こんなグルっぽを作ってしまうくらい、僕は食べることが好きだ。
料理もするし、友達に振る舞って「美味しい」の一言をもらえるのが好きだから、たびたびホームパーティーもやっている。
あくせく働くのが嫌になり、脱サラして居酒屋をやりたいと思っていた。
そのためには、居酒屋チェーン店で働いてみて、仕入れルートやノウハウなどを勉強したいと思って、
転職活動をしていたころがある。
まだ二十代、青かったんです。
いっぱしにやれると信じていたあの頃。
僕は仕事で感謝されることに飢えていて、笑顔が見られる商売を夢見ていた。
そう、子供たちの笑顔を守るために、ジオンから抜け出して島で暮らすククルス・ドアンのように。
ククルス・ドアンと僕の違いは、覚悟だと思う。
彼は子供たちの両親を殺害してしまった悔悟から、子供たちを守ってみせると固く誓っていた。

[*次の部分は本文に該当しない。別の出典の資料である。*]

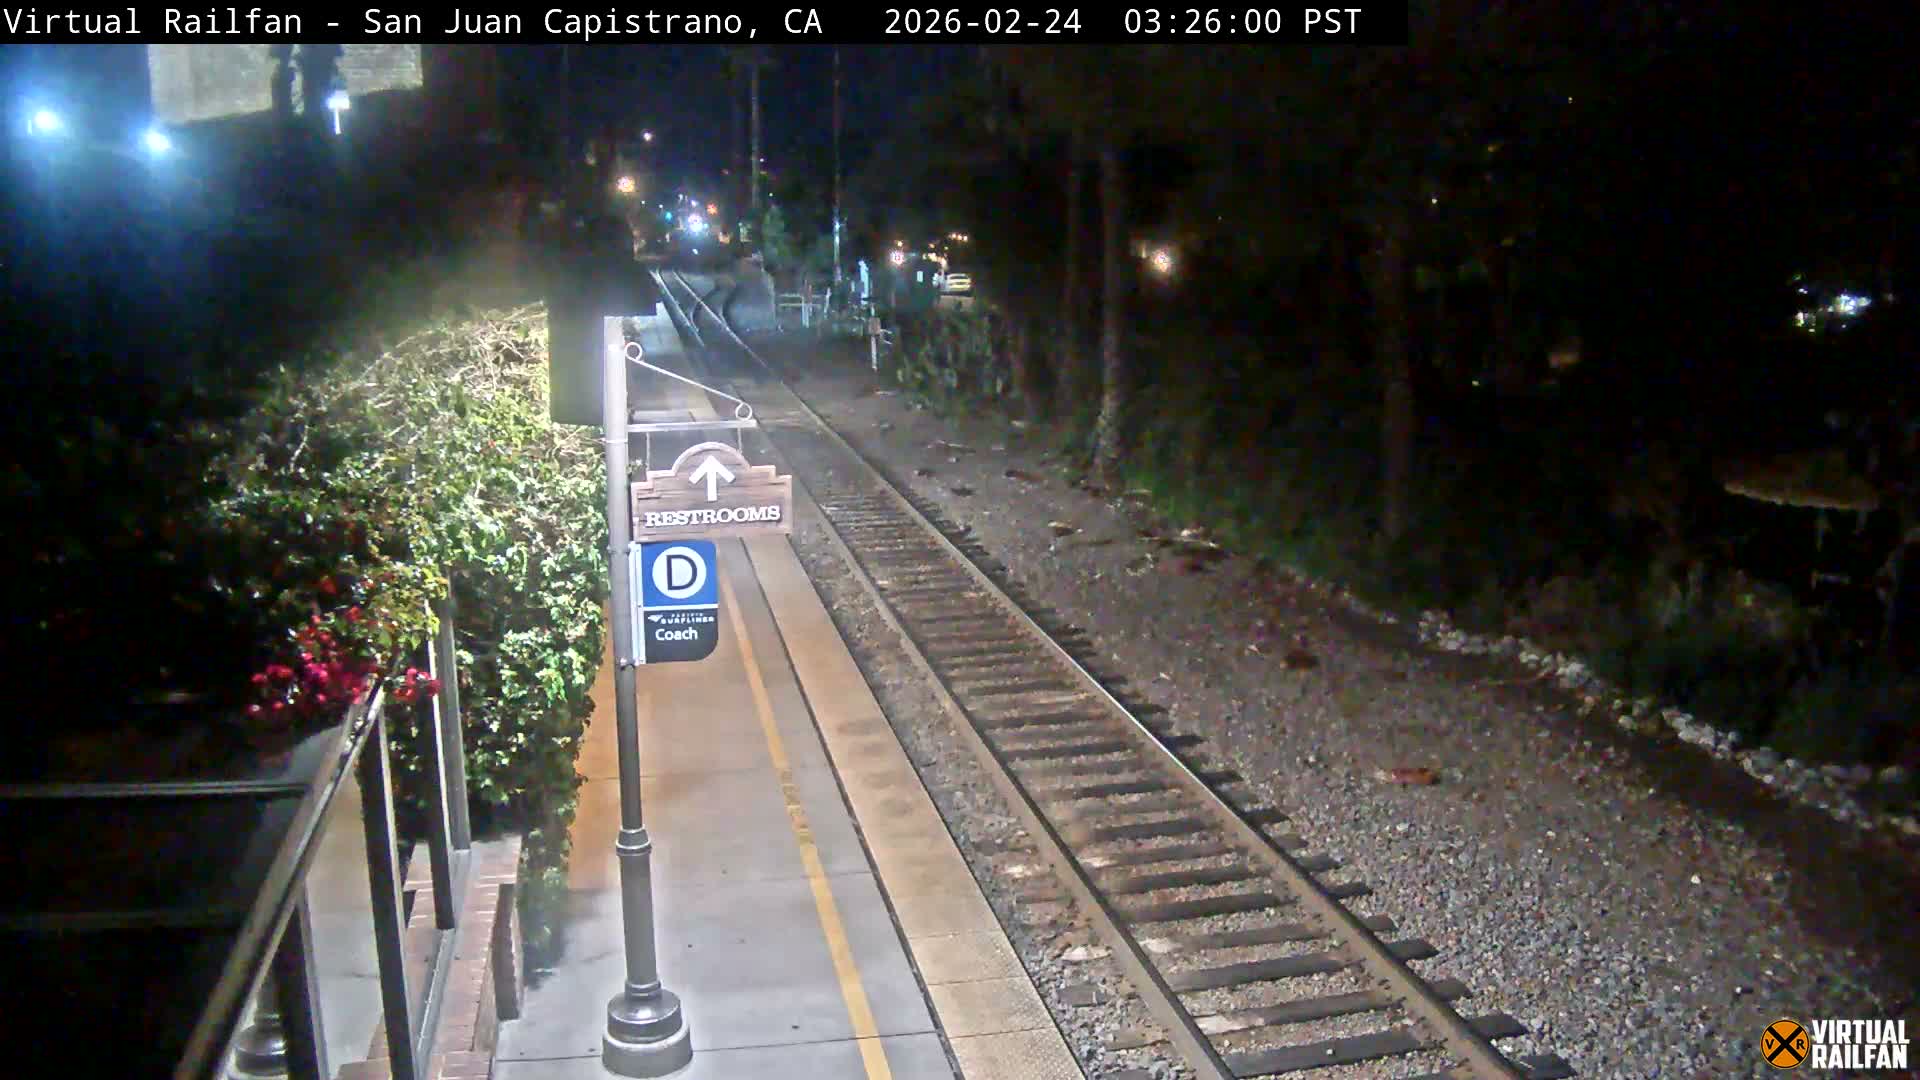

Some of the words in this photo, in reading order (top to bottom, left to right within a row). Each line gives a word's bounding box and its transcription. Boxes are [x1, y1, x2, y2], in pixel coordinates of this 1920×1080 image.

[644, 505, 780, 527] RESTROOMS
[666, 554, 697, 590] D
[655, 626, 698, 641] Coach

対して僕は甘っちょろい考えで、脱サラを夢物語にして現実逃避していただけのこと。
居酒屋なんて、開業するのはカンタンかもだが、続けるのは大変厳しい世界だ。
覚悟のなかった僕はそれを面接官に見抜かれ、思い知らされた。
僕は昔から、甘っちょろい奴だったのだ。
今転職活動をしていて思うのは、次の会社でずっとやっていく覚悟があるか?ということ。
逃避しても、逃避先で同じ壁にあたるのであれば、今踏ん張らないといけない。
転職がさらに自分を追い込んでしまうだけなのだから。